¿Sabías que el 90 por ciento de las cosas a las que le tienes miedo nunca suceden?

El miedo es una emoción con el fin de supervivencia, con el podemos medir el peligro. Pero muchas veces nos pasamos la vida sufriendo por miedos infundados.

¿Me creerías si te dijera que el miedo tiene su origen únicamente en la mente? 

El miedo nunca está relacionado con el presente, si nos ponemos a analizar, cuando tenemos miedo siempre se trata de una proyección temporal de nuestra mente hacia el pasado o futuro.

El miedo no existe en el presente, es una ilusión y, como tal, no tiene poder ni existencia real.

Lo negativo del miedo no es el sufrimiento que experimentamos por adelantado ante sucesos que aún no han pasado, si no la reacción negativa que nos impide disfrutar el momento presente.

El miedo nos paraliza, nos quita la paz y nos impide avanzar. 

Las experiencias que hemos tenido en el pasado las proyectamos a futuro. Si estas no han sido agradables, lo más seguro es que no las queramos repetir, por eso nos paralizamos ante la posibilidad de vivir lo mismo.

Supongamos que tienes un deseo, ¿sabías que si tu miedo es más grande que tu deseo tú mismo te saboteas para que esto no suceda?

Por ejemplo, quieres tener una pareja porque te sientes solo, pero en tu inconsciente tienes grabadas muchas historias del sufrimiento que puede traer a tu vida tener a alguien, como tu falta de libertad, los celos, el maltrato y las discusiones. Pensando que tu historia podrá repetirse en el futuro, inconcientemente alejarás a las parejas que vengan a ti.

Lo mismo pasa cuando deseas tener dinero y tienes grabado que la gente con dinero acaba por quebrantar sus valores, sufre más, o hace mal uso del mismo.

Aunque el deseo sea real y racionalmente entendamos que lo que queremos es la abundancia, en el inconciente puede haber creencias contrarias que van a operar saboteando tus ingresos.

Igual nos sucede con la salud, cuando nos alertan acerca del daño que pueden causarnos ciertos alimentos, el clima, los virus, las bacterias, etc., con el miedo bajamos nuestro sistema inmunológico y confirmamos nuestro miedo. 

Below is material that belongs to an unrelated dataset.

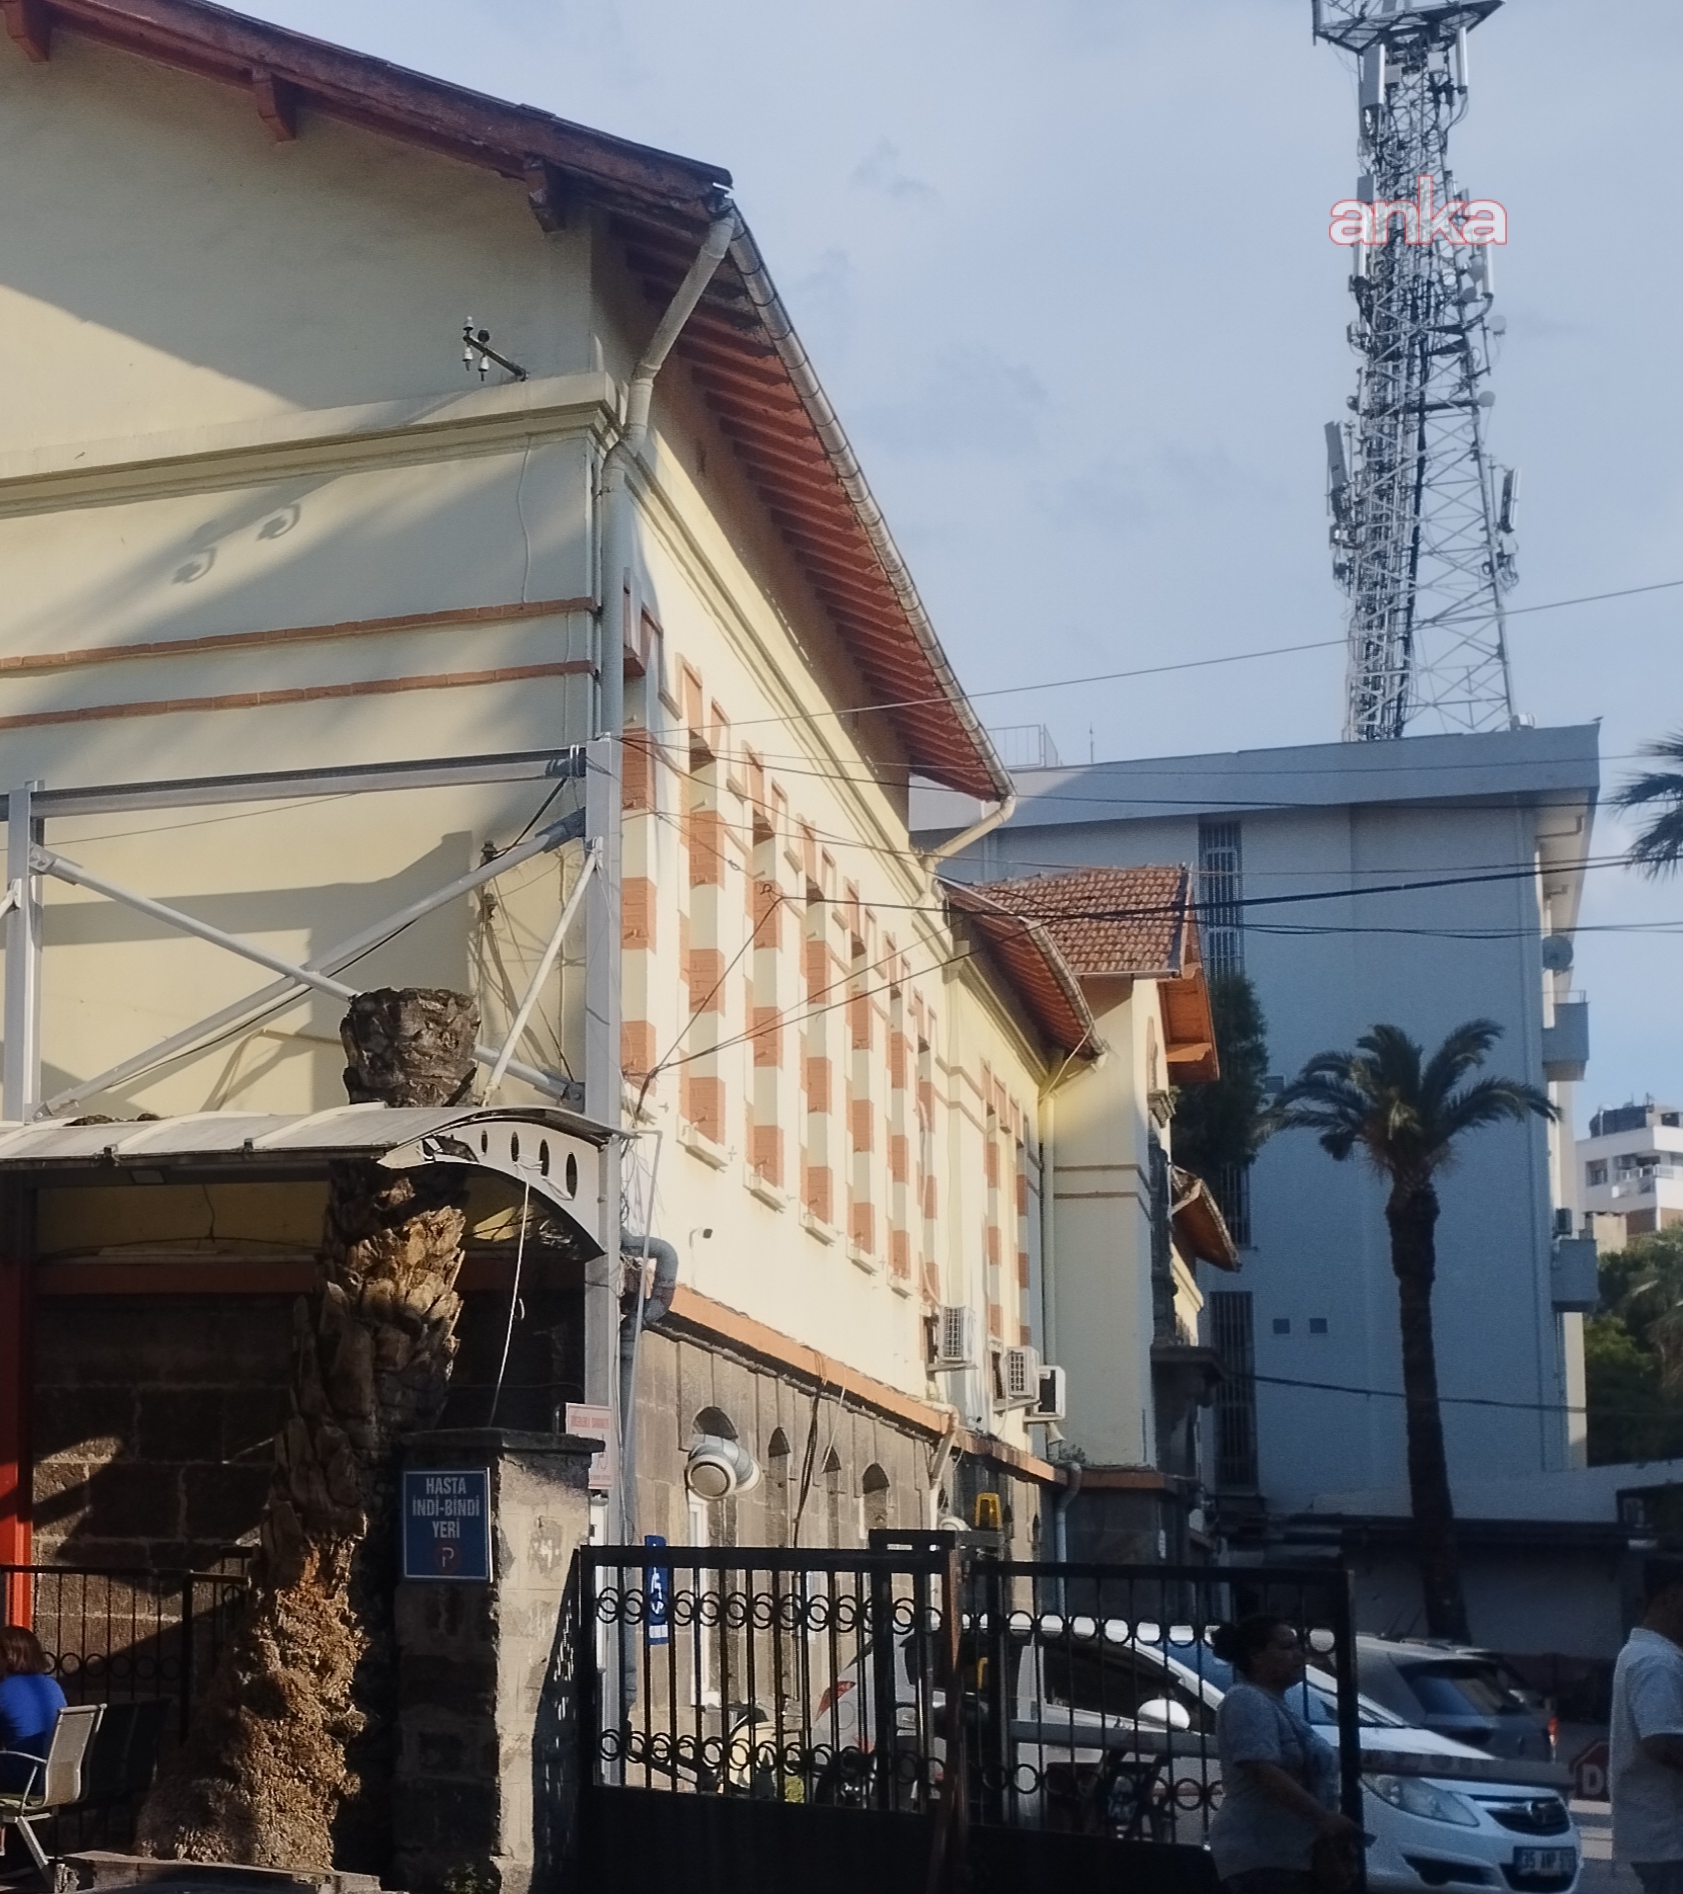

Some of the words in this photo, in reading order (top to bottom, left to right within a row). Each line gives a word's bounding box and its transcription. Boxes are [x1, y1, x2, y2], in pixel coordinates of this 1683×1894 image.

[426, 1477, 467, 1495] HASTA
[412, 1495, 480, 1517] İNDİ-BİNDİ
[432, 1517, 460, 1539] YERİ

También cuando recibimos un diagnóstico negativo y nos deprimimos en lugar de poner nuestra energía en recuperarnos, nos desgastamos y sufrimos pensando lo peor y así perdemos la posibilidad de disfrutar la vida.

Siempre que desees algo y no lo puedas conseguir piensa en todas las cosas negativas que traería consigo ese deseo, si logras encontrar cuál es el miedo detrás, te va a ser más fácil adquirir lo que quieres.

Nunca olvides que el miedo está solo en tu mente, que es un pensamiento que puedes cambiar en un segundo si enfocas tu atención en algo distinto.

Si no lo detienes a tiempo, ese miedo empieza a crecer y luego es más difícil liberarte y, lo peor,  nuestra mente es tan poderosa que podemos inclusive atraer la situación a la que tememos.

Como dice el dicho: “Todo lo que temes, recaerá sobre ti”.

¿Cuántas cosas hemos dejado de hacer por miedo? El miedo nos hace perder muchas oportunidades. Debido al el, nos encerramos en nuestro círculo de seguridad y renunciamos a afrontar nuevos retos. Ningún ser ataca a no ser que tenga miedo, así que cuando veas que alguien te ataca ya sabes por qué es.

Nuestras historias de terror nos persiguen a través de los años mientras no hagamos un alto, aceptemos que en el presente estamos a salvo y que la posibilidad de que la historia se repita en el futuro puede ser nula.

Así que si vas por la vida pensando que tus defensas te protegen y que te sirve de algo mantenerte a la defensiva, estarás alimentando tu miedo y vivirás un presente aterrador. 

Si viviste una experiencia que te mantiene atemorizado o desconfiado enfócate en el presente y libérate de ese recuerdo a través del perdón.

Todos poseemos la fuerza para combatir nuestros miedos. Para liberarnos lo único que tenemos que hacer es vivir aquí y ahora. 

Lo que no ha pasado y que no hay certeza de que pase no tiene por qué darnos miedo. Sea lo que sea que el destino te depare, vas a ser capaz de superarlo.

¿Dónde pones tu atención? ¿En la salud o en la enfermedad? ¿En la carencia o en la abundancia? ¿En lo que quieres o en lo que temes? 

Determinar tu más grande deseo te ayudará a descubrir tu mayor miedo, pues lo opuesto a lo que quieres el lo que más temes.